WHAT THE TASK ASKS: Please set down each record exactly as it appears, but leave out any pictures.
[PROVIDED INFORMATION — start]
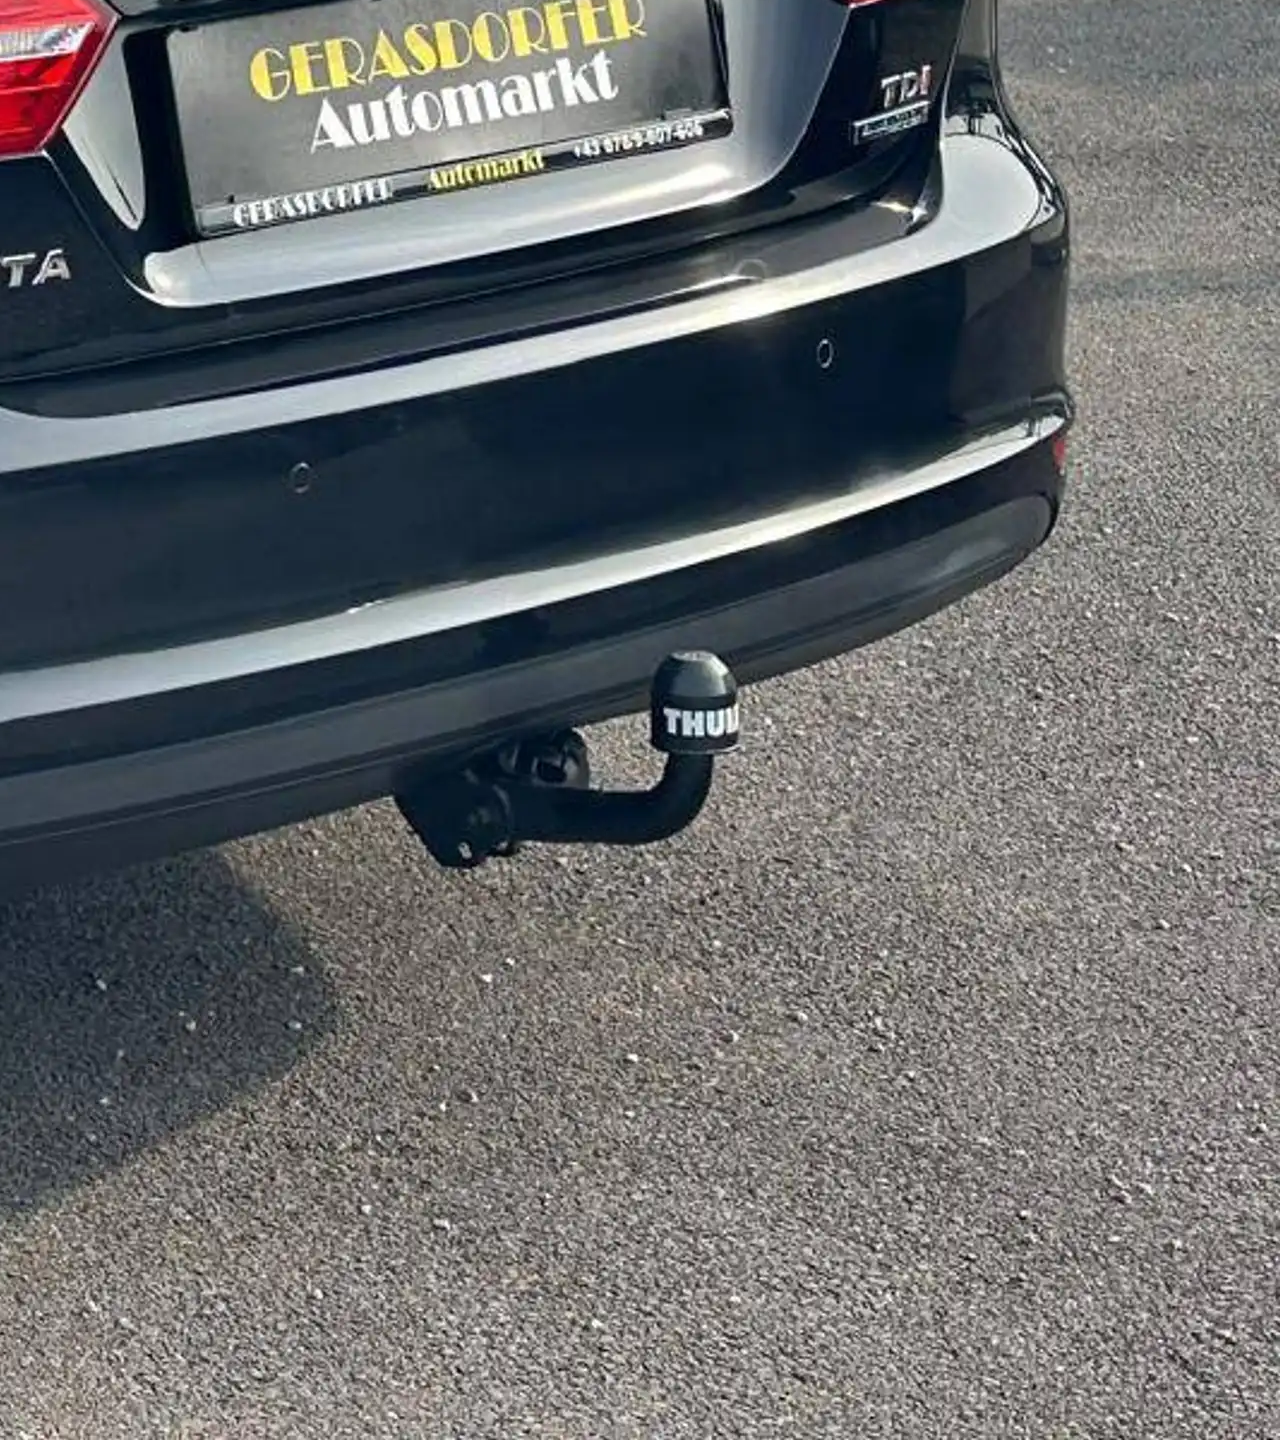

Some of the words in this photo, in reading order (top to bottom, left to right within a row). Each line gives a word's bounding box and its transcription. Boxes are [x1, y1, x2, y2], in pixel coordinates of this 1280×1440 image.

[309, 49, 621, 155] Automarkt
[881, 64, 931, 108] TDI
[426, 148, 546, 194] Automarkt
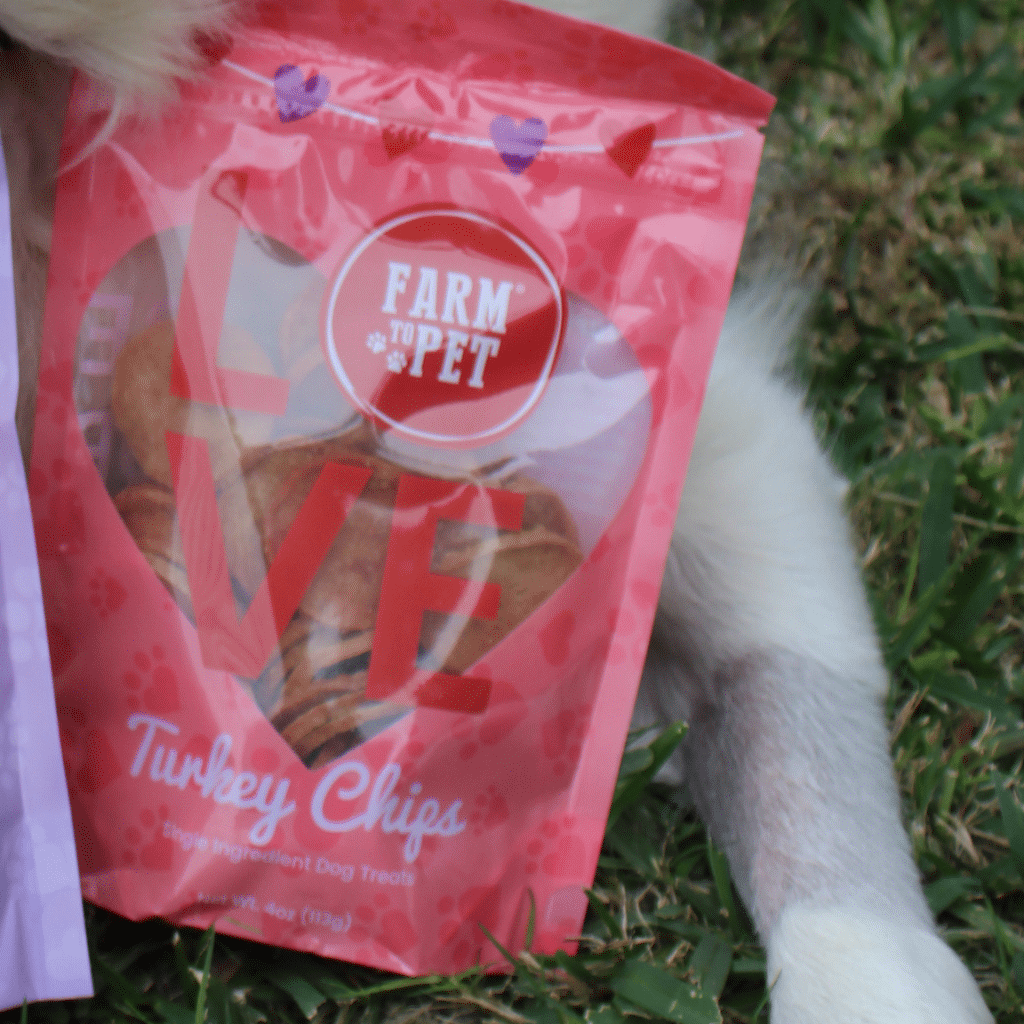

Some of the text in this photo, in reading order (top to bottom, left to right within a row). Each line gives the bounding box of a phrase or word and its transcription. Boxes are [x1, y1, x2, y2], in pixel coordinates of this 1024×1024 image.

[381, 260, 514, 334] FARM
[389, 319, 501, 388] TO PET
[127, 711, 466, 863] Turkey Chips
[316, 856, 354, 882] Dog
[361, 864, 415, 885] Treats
[PROVIDED INFORMATION — finish]
SOLUTION TO THIS EXERCISE:
Some of the words in this photo, in reading order (top to bottom, left to right within a row). Each line gives a word's bounding box and its transcription. Boxes are [x1, y1, x2, y2], in pixel coordinates of this 1280×1440 image.

[309, 49, 621, 155] Automarkt
[881, 64, 931, 108] TDI
[426, 148, 546, 194] Automarkt

Some of the text in this photo, in reading order (top to bottom, left to right within a row). Each line gives the bounding box of a phrase or word and its transcription. Boxes are [x1, y1, x2, y2], in pixel coordinates of this 1024×1024 image.

[381, 260, 514, 334] FARM
[389, 319, 501, 388] TO PET
[127, 711, 466, 863] Turkey Chips
[316, 856, 354, 882] Dog
[361, 864, 415, 885] Treats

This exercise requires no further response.